The weather is still cool, and I felt sluggish today. I spent a leisurely morning digesting yesterday’s Island adventure and posting content on social media. Someone commented on one of my wildflowers videos: “Is that the cemetery in Galvy?” Galvy?!? Yikes! I’d heard that term before but I’d been hoping it would not catch on. I cringe every time I hear it and so do the Island people I know. But it turns out the TikTok commenter knows a very different set of locals from my people, and they all embrace the name ‘Galvy.’ But, why? I don’t want to get into a whole debate about who is a true local as gatekeeping is not cool, and I believe that the Island belongs to all of us who love it. But why would anyone who loves Galveston call it Galvy? I get that it’s an endearment, but like any diminutive it lacks gravitas. Our Island has not survived countless storms, the plague, and the great fire only to be given a ridiculous pet name. Yes, there are sweet little houses in pastel colors with gingerbread trim, and all sorts of pretty flowers, but our Island is also home to rattlesnakes and every so often it’ll do something wildly temperamental just to remind us all that it can kill us.
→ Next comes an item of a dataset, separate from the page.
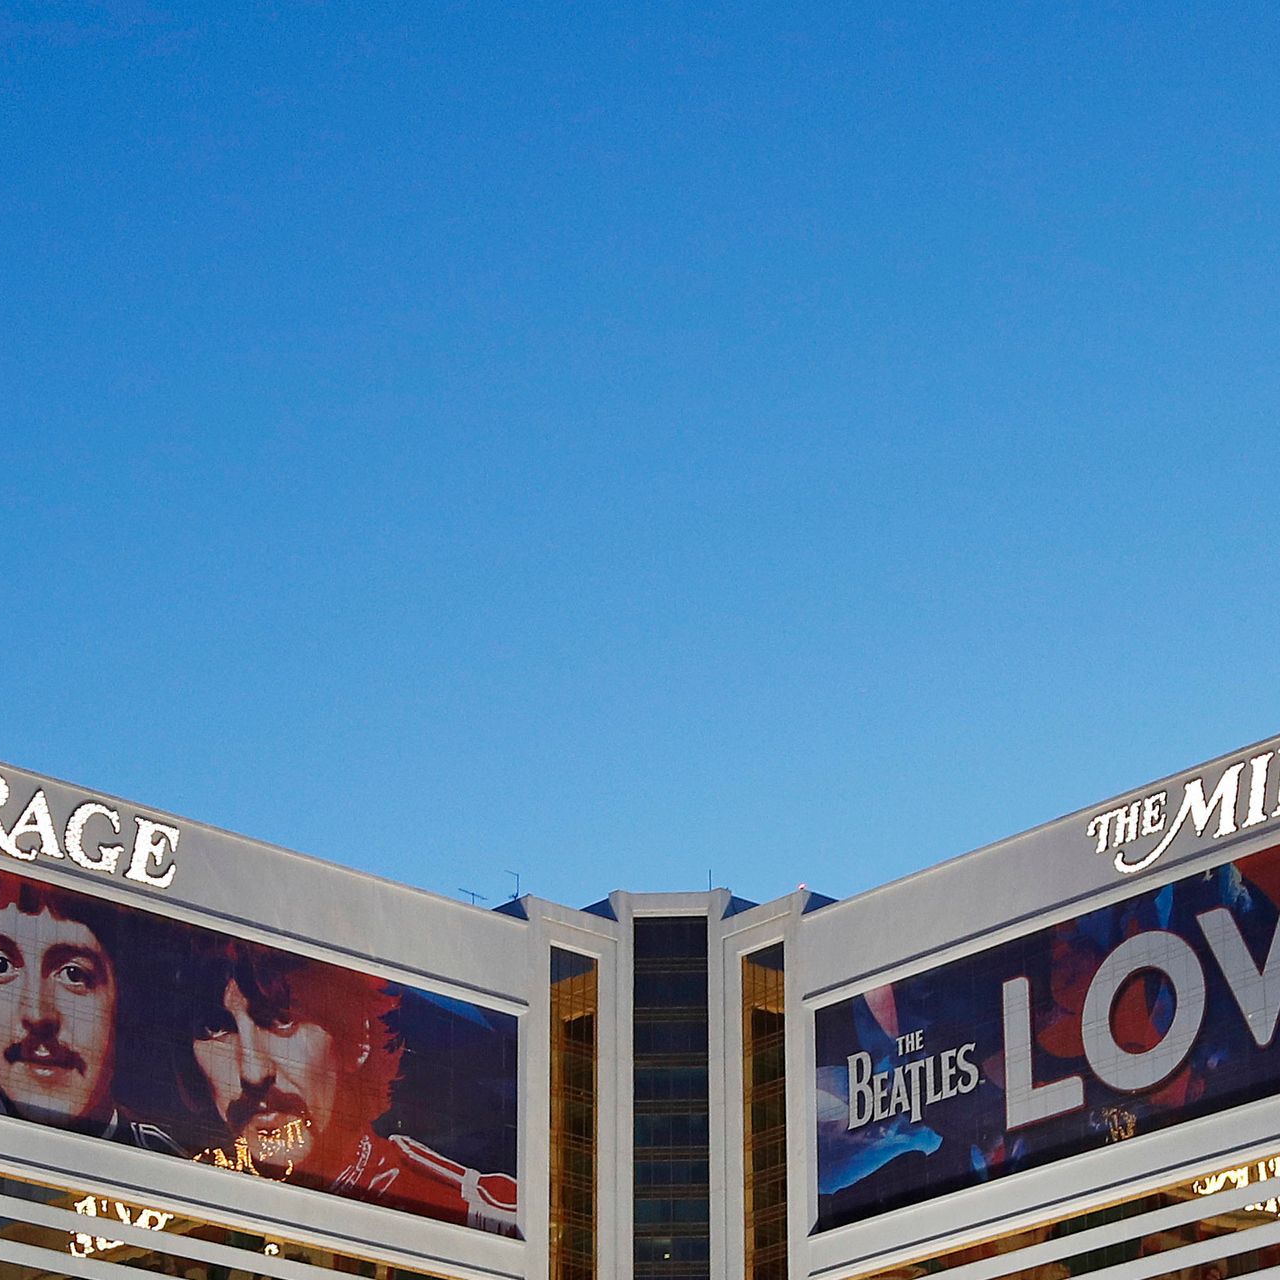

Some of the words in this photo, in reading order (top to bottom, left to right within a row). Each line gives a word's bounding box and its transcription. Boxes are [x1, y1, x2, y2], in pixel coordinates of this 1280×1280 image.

[1086, 790, 1167, 855] THE
[895, 1028, 925, 1057] THE
[846, 1041, 980, 1131] BEATLES
The Island is not cute. It’s beautiful. There is a difference. Also, it’s a badass survivor, a place with many facets, with layers, depth, undetones of darkness, and giant prehistoric looking jellyfish that wash up on shore. It’s a place where birds that retain distinct dinosaur features sit on wires and mock you while plotting to steal your food. It’s haunted and briny and occasionally scrappy, and yes, it’s lovely too, not despite its allure of danger but because of it. It’s a place of romance and contradiction. Of pirates, vagabonds, gamblers, and many other strays. It’s spicy with hot sauce and gumbo and salt water and summers that are too hot. It’s a beach with brown water and oil tankers in the distance. It’s a heaven for stray cats and the coyotes that hunt them. It’s a place of death and rebirth, a place of peace but also of raucous parties. It’s got an untamed soul and untamed nature and it will fight you in its attempt to hold on to these things. I think we all need to respect that.
Then again, call it whatever you wish. If you truly love this place, rattlesnakes and all, if you respect the dunes and the wild things living there, if you don’t litter, if you pick up beach trash, if you cherish the wild things and know to leave them be, then we are happy to have you, differences in semantics aside.
Still, I’m curious, what do you call the Island?